In this short series I take a look at the how User Interface (UI) design is of vital importance to business users and begin with a review of a book that exposes the ugly underbelly of the typical “dashboard”.

One of my longtime passions has been user interface design (the way a screen is laid out for users to see and use in a software program) for two key reasons. The first is that effective visual design can, like art, provide a “relaxing” atmosphere for users to openly understand and “consume” the information they are seeing, and the second is that an effective and functional UI is essential to increase user productivity and acceptance of software.

These two principles are inextricably linked and are particularly difficult to achieve because they are as much art as they are science. I see this topic as far more than an interesting sideline as it underscores so many reasons why certain softwares are well liked and others destested by the user community, even though they perform essentially the same function.

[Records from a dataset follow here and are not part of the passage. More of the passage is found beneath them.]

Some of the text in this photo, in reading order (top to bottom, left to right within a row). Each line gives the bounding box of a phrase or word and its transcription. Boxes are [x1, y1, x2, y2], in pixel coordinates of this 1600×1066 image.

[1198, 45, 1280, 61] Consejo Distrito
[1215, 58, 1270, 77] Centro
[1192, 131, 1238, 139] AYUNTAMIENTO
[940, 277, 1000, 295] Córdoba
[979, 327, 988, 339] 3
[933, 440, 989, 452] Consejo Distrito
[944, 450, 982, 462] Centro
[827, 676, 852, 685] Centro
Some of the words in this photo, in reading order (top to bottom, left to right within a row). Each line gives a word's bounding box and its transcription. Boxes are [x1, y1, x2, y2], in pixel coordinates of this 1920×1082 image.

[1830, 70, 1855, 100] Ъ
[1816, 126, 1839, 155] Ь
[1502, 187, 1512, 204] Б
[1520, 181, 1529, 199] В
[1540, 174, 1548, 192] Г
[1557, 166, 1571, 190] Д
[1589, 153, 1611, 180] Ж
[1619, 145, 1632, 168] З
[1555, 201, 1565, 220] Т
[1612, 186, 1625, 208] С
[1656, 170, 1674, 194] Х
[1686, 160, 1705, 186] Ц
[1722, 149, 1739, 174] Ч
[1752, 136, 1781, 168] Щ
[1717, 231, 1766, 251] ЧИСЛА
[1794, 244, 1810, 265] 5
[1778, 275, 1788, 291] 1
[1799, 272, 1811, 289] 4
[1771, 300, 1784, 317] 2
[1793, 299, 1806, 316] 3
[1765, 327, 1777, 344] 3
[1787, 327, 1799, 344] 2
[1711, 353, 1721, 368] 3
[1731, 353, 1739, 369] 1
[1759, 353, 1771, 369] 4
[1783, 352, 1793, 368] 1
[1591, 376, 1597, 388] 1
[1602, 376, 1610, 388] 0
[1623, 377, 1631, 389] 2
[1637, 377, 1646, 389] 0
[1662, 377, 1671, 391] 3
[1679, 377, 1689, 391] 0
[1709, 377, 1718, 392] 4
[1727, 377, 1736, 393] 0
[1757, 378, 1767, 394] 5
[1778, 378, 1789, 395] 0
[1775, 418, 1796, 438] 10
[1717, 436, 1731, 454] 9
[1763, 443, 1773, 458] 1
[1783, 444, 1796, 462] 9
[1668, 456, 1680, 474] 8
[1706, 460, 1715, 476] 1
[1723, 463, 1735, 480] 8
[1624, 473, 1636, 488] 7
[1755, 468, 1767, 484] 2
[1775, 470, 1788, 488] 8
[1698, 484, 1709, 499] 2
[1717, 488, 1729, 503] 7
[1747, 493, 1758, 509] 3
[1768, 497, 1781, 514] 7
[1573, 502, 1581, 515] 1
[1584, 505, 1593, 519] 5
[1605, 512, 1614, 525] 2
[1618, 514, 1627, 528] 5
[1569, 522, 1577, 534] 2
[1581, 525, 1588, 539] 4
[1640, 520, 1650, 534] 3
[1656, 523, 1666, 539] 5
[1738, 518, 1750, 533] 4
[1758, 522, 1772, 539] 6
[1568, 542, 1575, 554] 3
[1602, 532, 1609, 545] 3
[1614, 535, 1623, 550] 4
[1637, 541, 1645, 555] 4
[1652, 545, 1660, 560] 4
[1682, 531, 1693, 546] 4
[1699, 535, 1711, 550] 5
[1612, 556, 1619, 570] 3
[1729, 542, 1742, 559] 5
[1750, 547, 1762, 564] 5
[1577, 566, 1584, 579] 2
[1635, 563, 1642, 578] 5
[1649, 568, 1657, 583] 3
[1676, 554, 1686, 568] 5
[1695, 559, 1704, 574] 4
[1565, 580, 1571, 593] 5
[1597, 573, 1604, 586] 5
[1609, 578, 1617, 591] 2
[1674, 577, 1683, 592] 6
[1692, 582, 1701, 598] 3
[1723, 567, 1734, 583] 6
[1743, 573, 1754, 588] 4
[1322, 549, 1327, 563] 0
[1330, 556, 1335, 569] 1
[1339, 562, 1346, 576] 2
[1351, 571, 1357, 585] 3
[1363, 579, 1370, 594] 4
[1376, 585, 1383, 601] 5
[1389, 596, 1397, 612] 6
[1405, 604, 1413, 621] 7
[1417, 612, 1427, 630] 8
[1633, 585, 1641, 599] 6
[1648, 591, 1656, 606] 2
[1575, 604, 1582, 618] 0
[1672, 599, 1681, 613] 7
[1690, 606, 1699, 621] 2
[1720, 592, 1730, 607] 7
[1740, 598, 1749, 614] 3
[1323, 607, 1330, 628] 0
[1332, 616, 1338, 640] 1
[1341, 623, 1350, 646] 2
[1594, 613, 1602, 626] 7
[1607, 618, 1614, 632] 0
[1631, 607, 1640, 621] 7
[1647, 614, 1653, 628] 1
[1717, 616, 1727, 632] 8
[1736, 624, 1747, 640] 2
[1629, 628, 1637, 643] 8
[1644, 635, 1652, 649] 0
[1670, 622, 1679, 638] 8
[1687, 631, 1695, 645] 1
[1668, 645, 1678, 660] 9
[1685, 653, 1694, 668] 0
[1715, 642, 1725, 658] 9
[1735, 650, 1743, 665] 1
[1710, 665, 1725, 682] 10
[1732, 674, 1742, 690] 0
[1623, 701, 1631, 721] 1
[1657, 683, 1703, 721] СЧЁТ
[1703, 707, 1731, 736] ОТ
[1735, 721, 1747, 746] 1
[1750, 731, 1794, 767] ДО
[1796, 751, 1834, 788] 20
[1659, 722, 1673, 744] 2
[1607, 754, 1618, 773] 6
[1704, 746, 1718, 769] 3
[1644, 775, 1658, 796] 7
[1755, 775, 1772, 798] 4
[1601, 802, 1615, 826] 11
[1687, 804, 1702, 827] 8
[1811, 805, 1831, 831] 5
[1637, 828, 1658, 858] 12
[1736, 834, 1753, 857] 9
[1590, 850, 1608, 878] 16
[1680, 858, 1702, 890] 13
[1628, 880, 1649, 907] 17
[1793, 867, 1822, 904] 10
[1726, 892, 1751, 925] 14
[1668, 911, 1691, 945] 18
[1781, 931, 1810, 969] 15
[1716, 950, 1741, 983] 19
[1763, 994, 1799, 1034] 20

Stephen Few’s book Information Dashboard Design (O’Reilly, 2006) provides a pragmatic introduction to this topic because he articulately dives into how Business Intelligence dashboards are critical but usually flawed in their implementations. At the root of the concepts presented is that information on a page, or a screen, is perceived by our brains in a specific order with built-in evolutionary “filters” that automatically process certain information efficiently.

Position, colors, shapes, shades, and other elements come together to either make it easy or difficult for our minds to understand. The best designs take advantage of our “preattentive” abilities to understand shapes and patterns without having to consciously think about it, therefore making the experience totally intuitive and rapid. As an example, if we see a star or color highlight beside one of many rows it jumps out at us without any brain work. See below:

Sales:          +10%
Cost:            + 2%
Margin:      –  4% *
Turnover: + 5%

But if half of the rows have a star or they are all in bright colors, then the value of the exception is lost – nothing stands out as important. In a poor design we see these typical mistakes:

  • The wrong type of graphs waste space and provides little information (e.g. pie charts are almost never useful);
  • Expensive screen “real estate” (like the top left of a screen) is used for a big logo instead of a meaningful chart; 
  • Gridlines and colors are overused and force us to process the “non-data graphics” (those pixels that have nothing to do with useful information);
  • Unrelated elements are perceived as related because they are shown in the same color or are put too close together (we do eventually realize the lack of relationship but it took our brains some processing time and therefore we are slowed down and distracted). 

All these problems (and many more) lead to delays in the processing of valuable information on a screen, and at worst a total misunderstanding. Usually the effect is a dislike of the interface leading to low user adoption rates – a costly error on the designer’s part. And yet these dashboards are intended to provide key strategic and operational information to allow staff to make critical decisions.

Therefore a failed visual design is a significant problem to any organization. Few goes one to document dozens of examples of how dashboards are presented by (usually) BI vendors and how their own designs show a total lack of understanding of basic principles of effective design.

See an example in figure 1 below of a publicly available dashboard from a popular vendor’s site. As Few explains, he has nothing against these vendors, he simply is pointing out how they generally, to be blunt, don’t “get it”.

Figure 1: These gauges are a big waste of prime screen real-estate

Figure 1: These gauges are a big waste of prime screen real-estate because they offer very little useful information.

 

 

 

 

 

 

 

He presents interesting new advances in dashboard design such as the bullet chart (his own invention) and the sparkline (invented by Edward R. Tufte), both of which provide more intuitive views of data in a compressed space. After studying these you realize there is a lot to learn in this science and Few is on the right track.

He closes off by going through comprehensive examples of good design samples as compared to equivalent ones that don’t pass muster. Impressively, he is using real-life designs as his examples of what not to do. He isn’t making this stuff up and it hits home.

The lesson: vendors and designers listen up, there is a much much higher bar to attain in designing dashboards and it begins by studying how humans naturally process information.